How Meritorious Are the Catholic Lawsuits?

We have written several posts about the lawsuits by dozens of Catholic institutions against the federal government that seek to invalidate the HHS mandate requiring them to violate their religious precepts by providing employees with contraceptive and certain abortion services. It strikes me as obvious that the HHS mandate violates the free exercise clause of the First Amendment, but this is not an area in which I am an expert. So I did a little research to find out whether the country’s pre-eminent expert on the religion clauses of the First Amendment, Michael McConnell, had written anything on the subject. Michael is a law professor at Stanford and formerly served on the 10th Circuit Court of Appeals. I can’t find that he has written anything on the mandate that is available on the web, but on March 22, he participated in a panel on “Religious Freedom and Healthcare Reform,” sponsored by the Religious Freedom Project at Georgetown University’s Berkley Center. His comments were summarized in some detail here. McConnell argues that the mandate violates the Religious Freedom Restoration Act as well as the First Amendment:

Michael McConnell, a former federal judge and current law professor at Stanford University Law School, explained that at its core, the debate over the mandate is a question of religious freedom.

“I do not share the Church’s theology with respect to contraception,” said McConnell, who is not Catholic.
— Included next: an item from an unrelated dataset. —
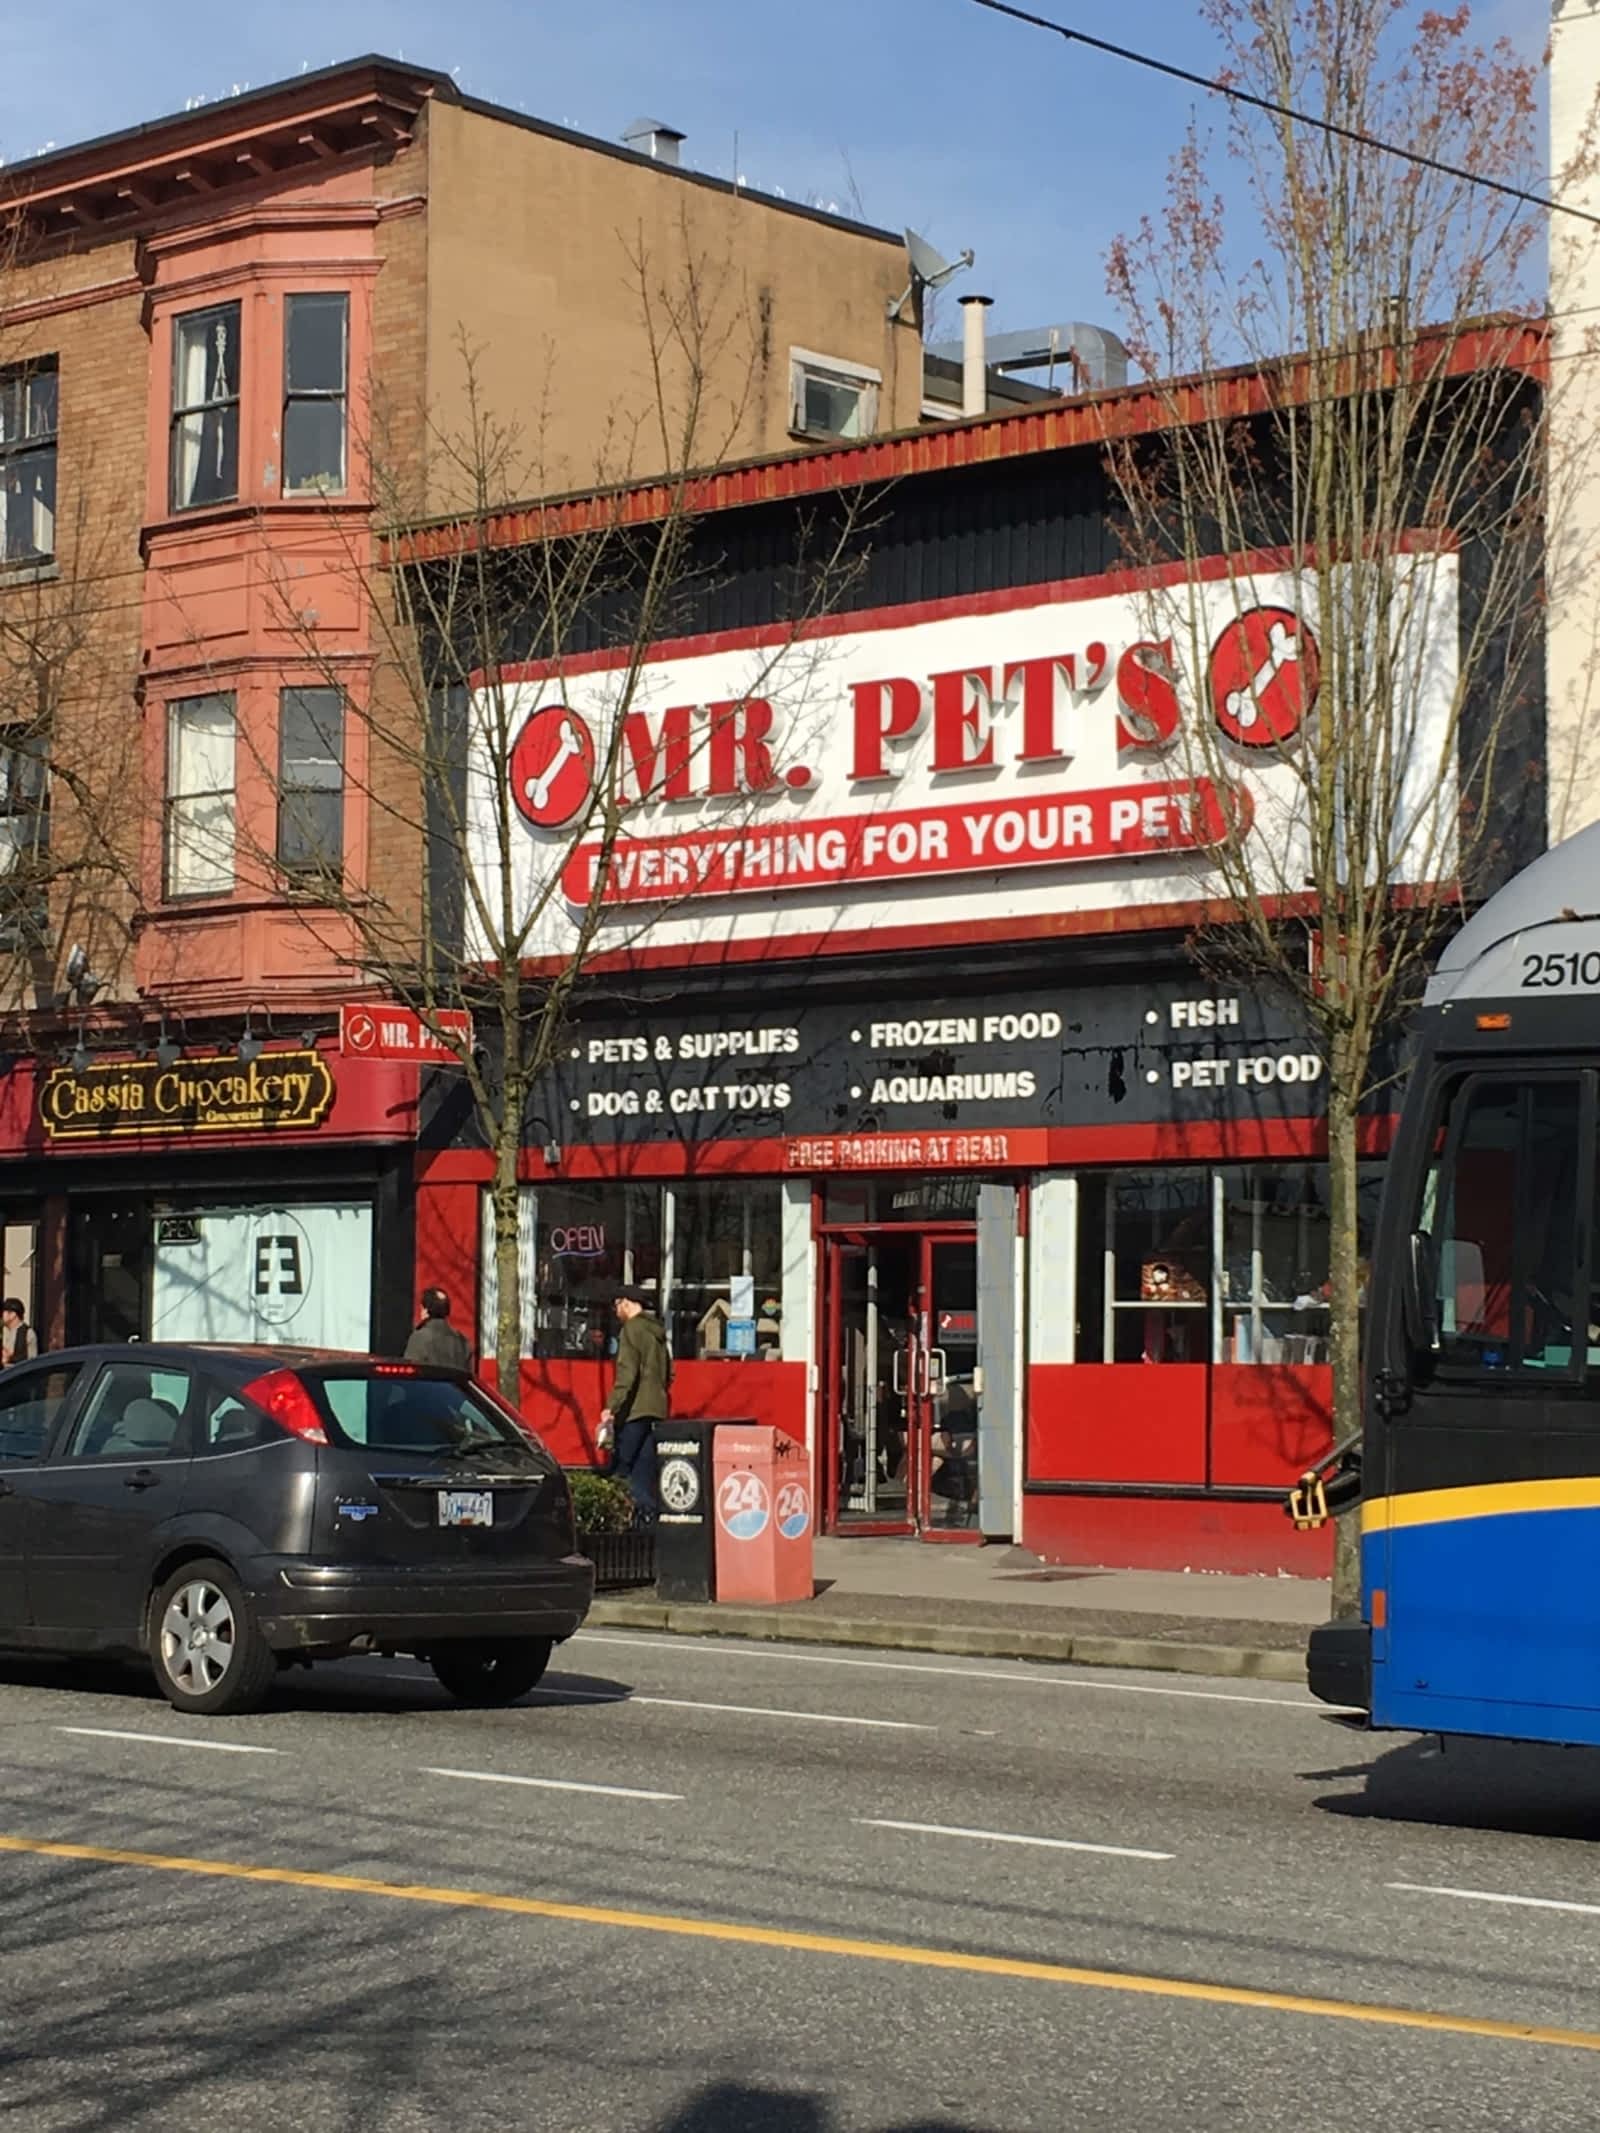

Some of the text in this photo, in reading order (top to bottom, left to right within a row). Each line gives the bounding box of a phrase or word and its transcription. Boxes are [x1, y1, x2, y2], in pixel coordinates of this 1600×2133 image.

Yet he explained that the real issue in this case is not contraception, but the government’s “unprecedented decision” to require American individuals and institutions to act in a way that violates their religious beliefs.

In addition to Constitutional protections under the First Amendment, there is also support for religious freedom in statutory law, McConnell said.

He explained that the Religious Freedom Restoration Act of 1993 makes it clear that the federal government may not “substantially burden” the exercise of religion unless it is furthering a “compelling government interest” and employing the “least restrictive means” of doing so.

In this case, he said, it is “rather obvious” that the mandate imposes a substantial burden on the free exercise of religion by requiring religious individuals and organizations to participate in something that they consider gravely immoral.

Furthermore, in granting an exemption at all, however narrow, the administration was acknowledging that “this would be a burden” on the free exercise of religious groups that find it objectionable, he said.

He added that the mandate would impose a substantial burden even with the administration’s promised accommodation, which he said is “no difference in substance whatsoever” than the original regulation.

Turning to the standard for a “compelling government interest,” McConnell explained that the federal government issued the mandate because it believes that contraception coverage is important and wants to place the cost of covering it on employers.

This is “not a compelling interest at all,” he said.

He noted that multiple states have contraception mandates in place, but none of them implement them in the same sweeping way with such a narrow exemption as the federal mandate does.

If it were a compelling government interest, the regulations would not have included any exemption at all, he explained.

Finally, McConnell said, the mandate is not the “least restrictive means” of carrying out the government’s goal.

The administration could achieve its objective in another way, such as expanding Title X funding of contraception, without forcing religious employers to violate their consciences, he observed.

Because it fails to meet the standards set out for religious freedom cases, the mandate violates the Religious Freedom Restoration Act and should not be allowed to stand, he said.

Here is a video of McConnell’s remarks. I think the power of his arguments, while couched in somewhat technical terms, will be obvious to pretty much everyone:

It is unfortunate that Professor McConnell is not a justice of the Supreme Court. Some observers think that he would be on the Court today if he had not authored an op-ed in the Wall Street Journal in 1998 titled, “Roe v. Wade at 25: Still Illegitimate.” But sometimes truth has to come before ambition. Michael has been known to check in on Power Line from time to time, so if he wants to offer any additional observations on the lawsuits, we will be happy to pass them on.